WHAT YOU ARE ASKED TO DO
Reproduce each record exactly, but exclude every picture.

PROVIDED INFORMATION

# # # # #

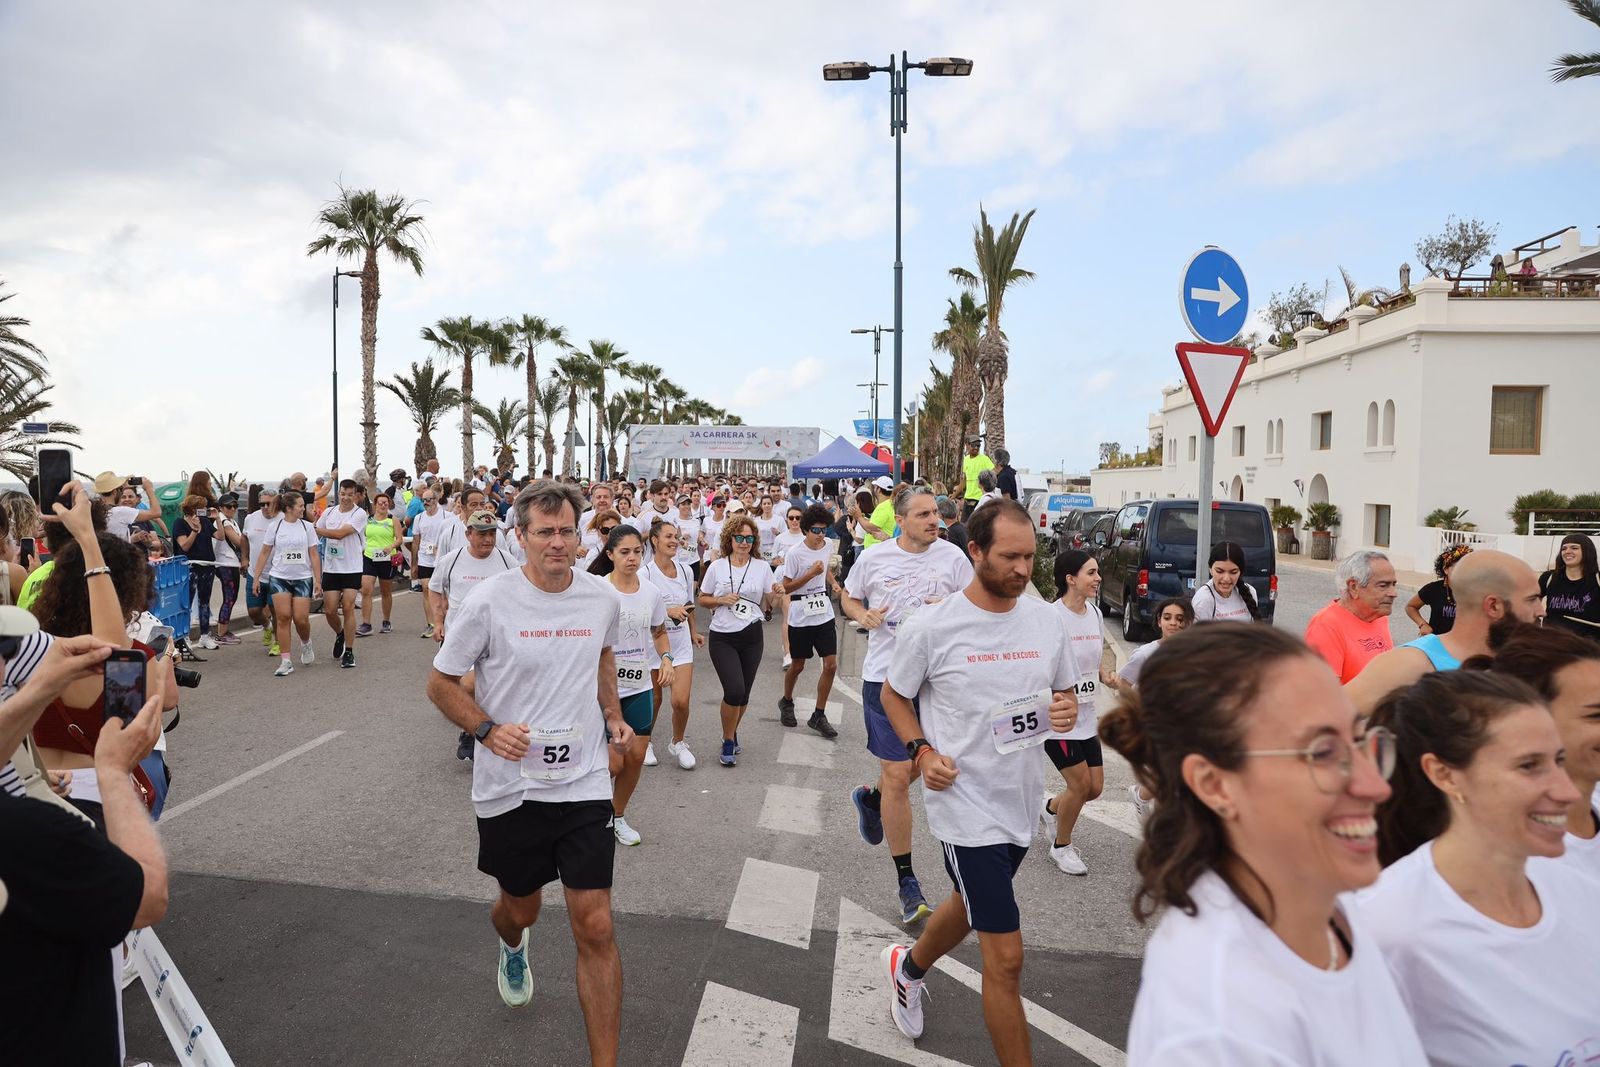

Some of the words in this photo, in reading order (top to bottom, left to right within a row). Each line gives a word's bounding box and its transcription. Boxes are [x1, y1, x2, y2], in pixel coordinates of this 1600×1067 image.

[702, 431, 744, 439] CARRERA
[286, 552, 302, 560] 238
[735, 603, 747, 614] 12
[808, 600, 825, 609] 718
[520, 630, 529, 638] NO
[967, 655, 977, 663] NO
[1002, 652, 1012, 660] NO
[617, 668, 643, 680] 868
[1073, 681, 1095, 695] 149
[1011, 711, 1039, 734] 55
[542, 744, 570, 764] 52

# # # # #

EXERCISE RESPONSE
Some of the words in this photo, in reading order (top to bottom, left to right within a row). Each line gives a word's bounding box and its transcription. Boxes are [x1, y1, x2, y2], in pixel coordinates of this 1600×1067 image.

[702, 431, 744, 439] CARRERA
[286, 552, 302, 560] 238
[735, 603, 747, 614] 12
[808, 600, 825, 609] 718
[520, 630, 529, 638] NO
[967, 655, 977, 663] NO
[1002, 652, 1012, 660] NO
[617, 668, 643, 680] 868
[1073, 681, 1095, 695] 149
[1011, 711, 1039, 734] 55
[542, 744, 570, 764] 52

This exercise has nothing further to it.